Berdasarkan Pasal 1 angka 23 Undang-Undang Nomor 28 Tahun 2014 tentang Hak Cipta (UU HC), pembajakan adalah tindakan menggandakan suatu ciptaan dan mendistribusikan hasil penggandaan tersebut kepada umum untuk memperoleh keuntungan secara ekonomi. Dalam peraturan yang sama, film digolongkan sebagai karya sinematografi yang dilindungi sebagai suatu bentuk ciptaan. Pembajakan film atau yang kerap disebut dengan movie piracy merupakan pelanggaran terhadap hak cipta dari pemegang hak cipta, yaitu pihak-pihak yang terlibat dalam pembuatan film, seperti scriptwriter, produser, aktor, cameraman, dan lainnya. Pembajakan film melanggar hak ekonomi yang terkandung dalam hak cipta karena tindakan tersebut bertujuan untuk meraup keuntungan ekonomi.
Pembajakan film umumnya terbagi menjadi tiga jenis. Pertama, yaitu pembajakan sederhana. Pembajakan jenis ini dilakukan dengan membuat duplikat dari suatu rekaman asli dan memperdagangkannya tanpa seizin produser. Rekaman tersebut dikemas sebaik mungkin hingga terlihat tidak sama dengan dengan versi aslinya. Kedua, yaitu rekaman sederhana yang menyertai logo dan merek. Penggunaan logo dan merek adalah untuk mendapat kepercayaan dari masyarakat bahwa produk tersebut asli sehingga pembajak mendapat keuntungan. Ketiga, yaitu penggandaan tanpa izin pencipta. Jenis terakhir ini dapat digolongkan sebagai tindakan pencurian, selain tindakan pembajakan film.

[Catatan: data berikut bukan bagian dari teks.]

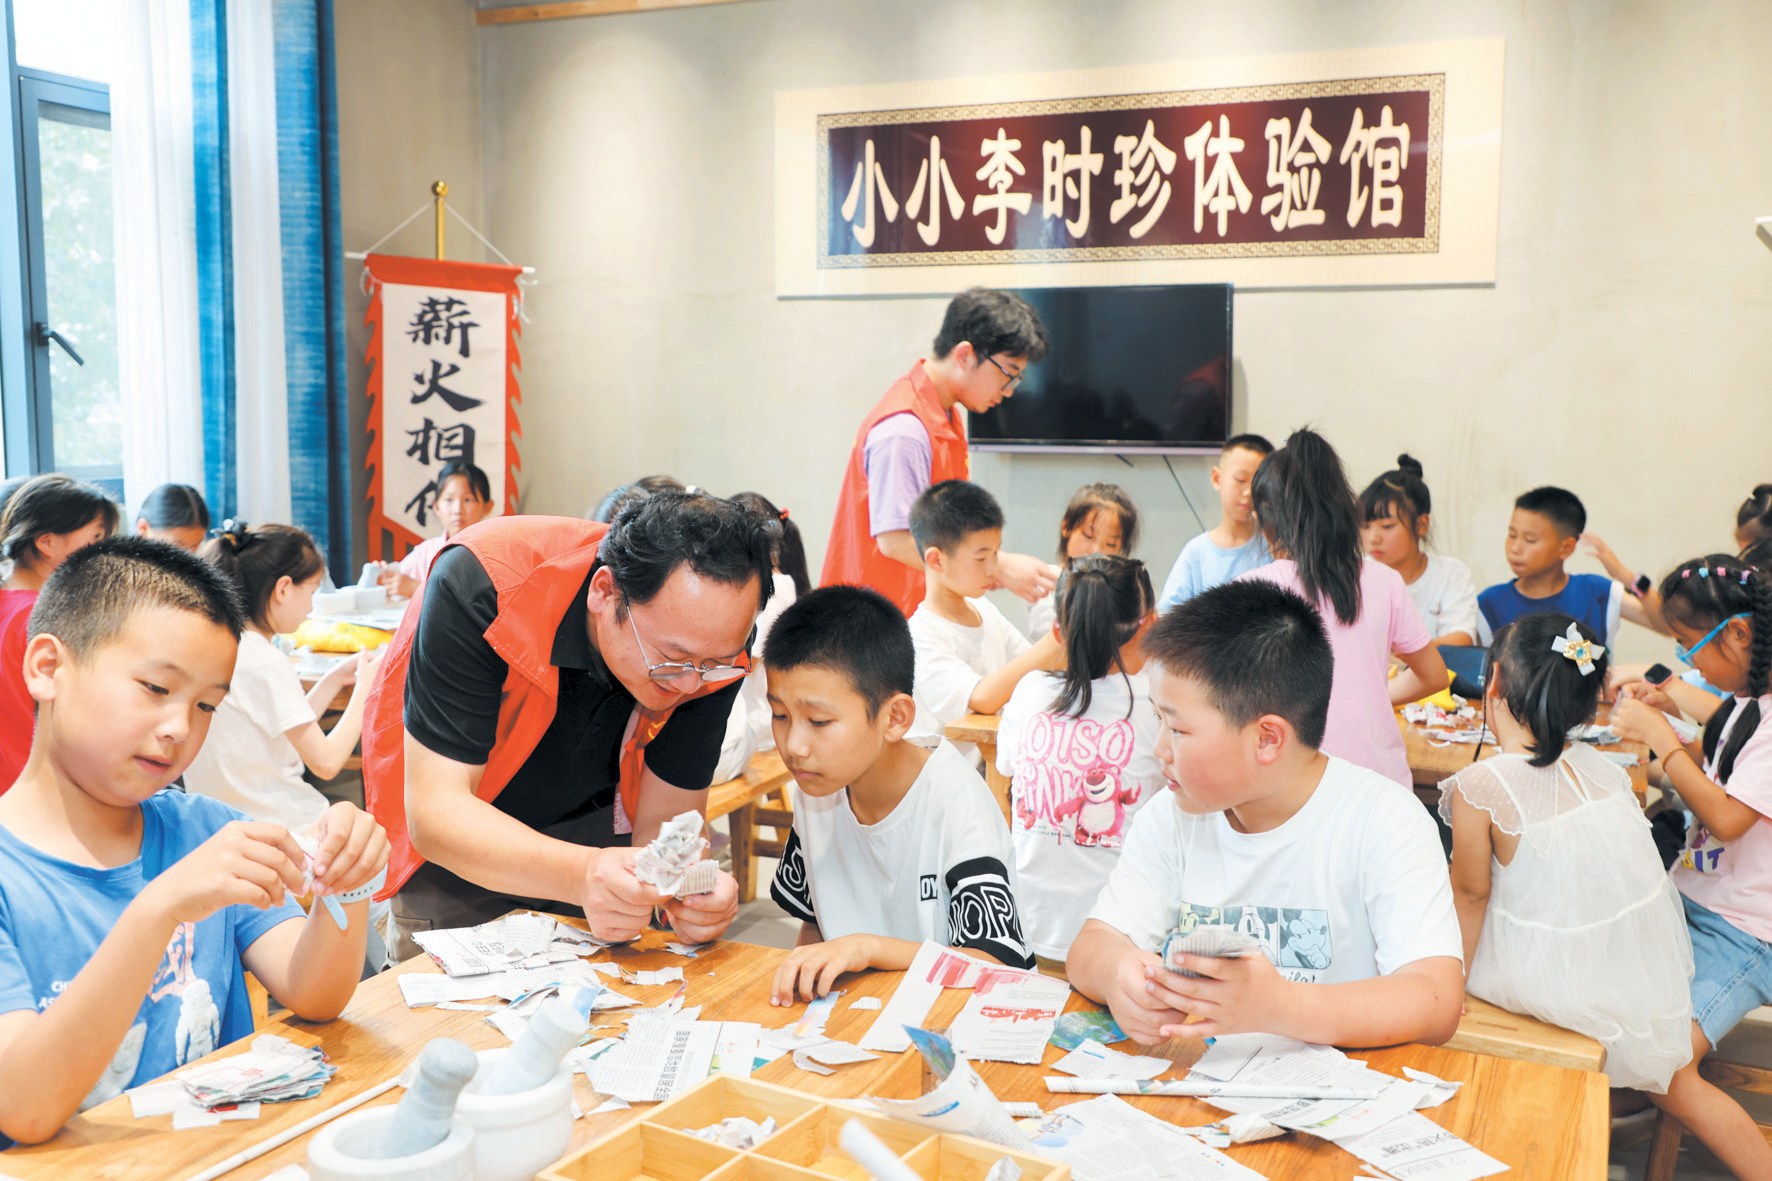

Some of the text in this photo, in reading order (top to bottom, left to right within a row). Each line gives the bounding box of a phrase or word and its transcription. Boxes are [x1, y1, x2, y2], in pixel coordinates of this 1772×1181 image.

[841, 104, 1411, 248] 小小李时珍体验馆

Masifnya penerbitan film di era pandemi membuka peluang bagi media streaming online untuk mendulang keuntungan. Namun, hal tersebut juga membuka lubang yang besar bagi para pembajak film disebabkan oleh meningkatnya permintaan terhadap suatu film. Selain itu, juga disebabkan oleh konsumen film yang mempertimbangkan biaya untuk berlangganan di media resmi secara online. Kedua faktor tersebut membuat tingkat pembajakan film melonjak tinggi di era pandemi. Fenomena ini terbukti melalui data Global MUSO pada Maret 2020 jika dibandingkan dengan Februari 2020. Data tersebut menyatakan bahwa lonjakan pembajakan film tertinggi diduduki oleh Italia dengan angka 66% dan diikuti oleh India di posisi kedua sebesar 63%. Hal tersebut memberikan cerminan bagi dunia akan gentingnya masalah pembajakan film.

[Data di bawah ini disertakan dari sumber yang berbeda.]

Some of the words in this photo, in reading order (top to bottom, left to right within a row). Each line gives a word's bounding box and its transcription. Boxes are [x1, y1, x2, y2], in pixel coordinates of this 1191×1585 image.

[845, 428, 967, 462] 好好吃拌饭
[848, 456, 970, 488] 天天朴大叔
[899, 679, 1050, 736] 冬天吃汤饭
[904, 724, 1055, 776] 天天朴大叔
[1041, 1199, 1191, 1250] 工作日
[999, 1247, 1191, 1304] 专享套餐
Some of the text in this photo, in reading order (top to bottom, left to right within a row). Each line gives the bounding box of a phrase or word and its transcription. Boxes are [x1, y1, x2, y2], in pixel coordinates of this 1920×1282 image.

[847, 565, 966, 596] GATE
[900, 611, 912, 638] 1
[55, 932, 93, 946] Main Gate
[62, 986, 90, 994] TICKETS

Pembajakan film kerap kali ditemui pada situs ilegal yang menyediakan film-film bajakan. Pembajak biasanya mendapatkan film-film tersebut dengan dua metode. Pertama, yaitu merekam langsung pada bioskop. Hasil dari rekaman tersebut cenderung berkualitas rendah dan kabur. Kedua, yaitu memperolehnya dari media streaming online. Hasil yang diperoleh melalui metode yang tersebut lebih berkualitas yang ditunjukkan dengan tampilan film yang lebih jernih. Metode kedua kerap dipakai karena kemudahan dan keamanan dalam memperoleh film dibandingkan metode yang pertama. Hal tersebut menunjukkan bahwa peningkatan popularitas media tersebut bersifat linear dengan peningkatan angka pembajakan film.
Meninjau maraknya kasus pembajakan film, penggunaan internet yang sehat dan aman dalam hal ini memiliki urgensi yang tinggi untuk diterapkan pada masyarakat. Menurut Kementerian Komunikasi dan Informasi, penggunaan internet yang sehat dan aman adalah penggunaan yang sesuai dengan etika agar tidak terpengaruh oleh konten negatif dan cyber crime atau kejahatan siber. Konten negatif adalah konten yang mengandung nilai-nilai buruk dalam masyarakat, seperti pornografi dan kekerasan. Sedangkan, kejahatan siber adalah tindakan pada media online yang melanggar norma yang berlaku. Dalam hal ini, tindakan pembajakan film merupakan salah satu bentuk kejahatan siber yang menunjukkan kurangnya penggunaan internet yang sehat dan aman.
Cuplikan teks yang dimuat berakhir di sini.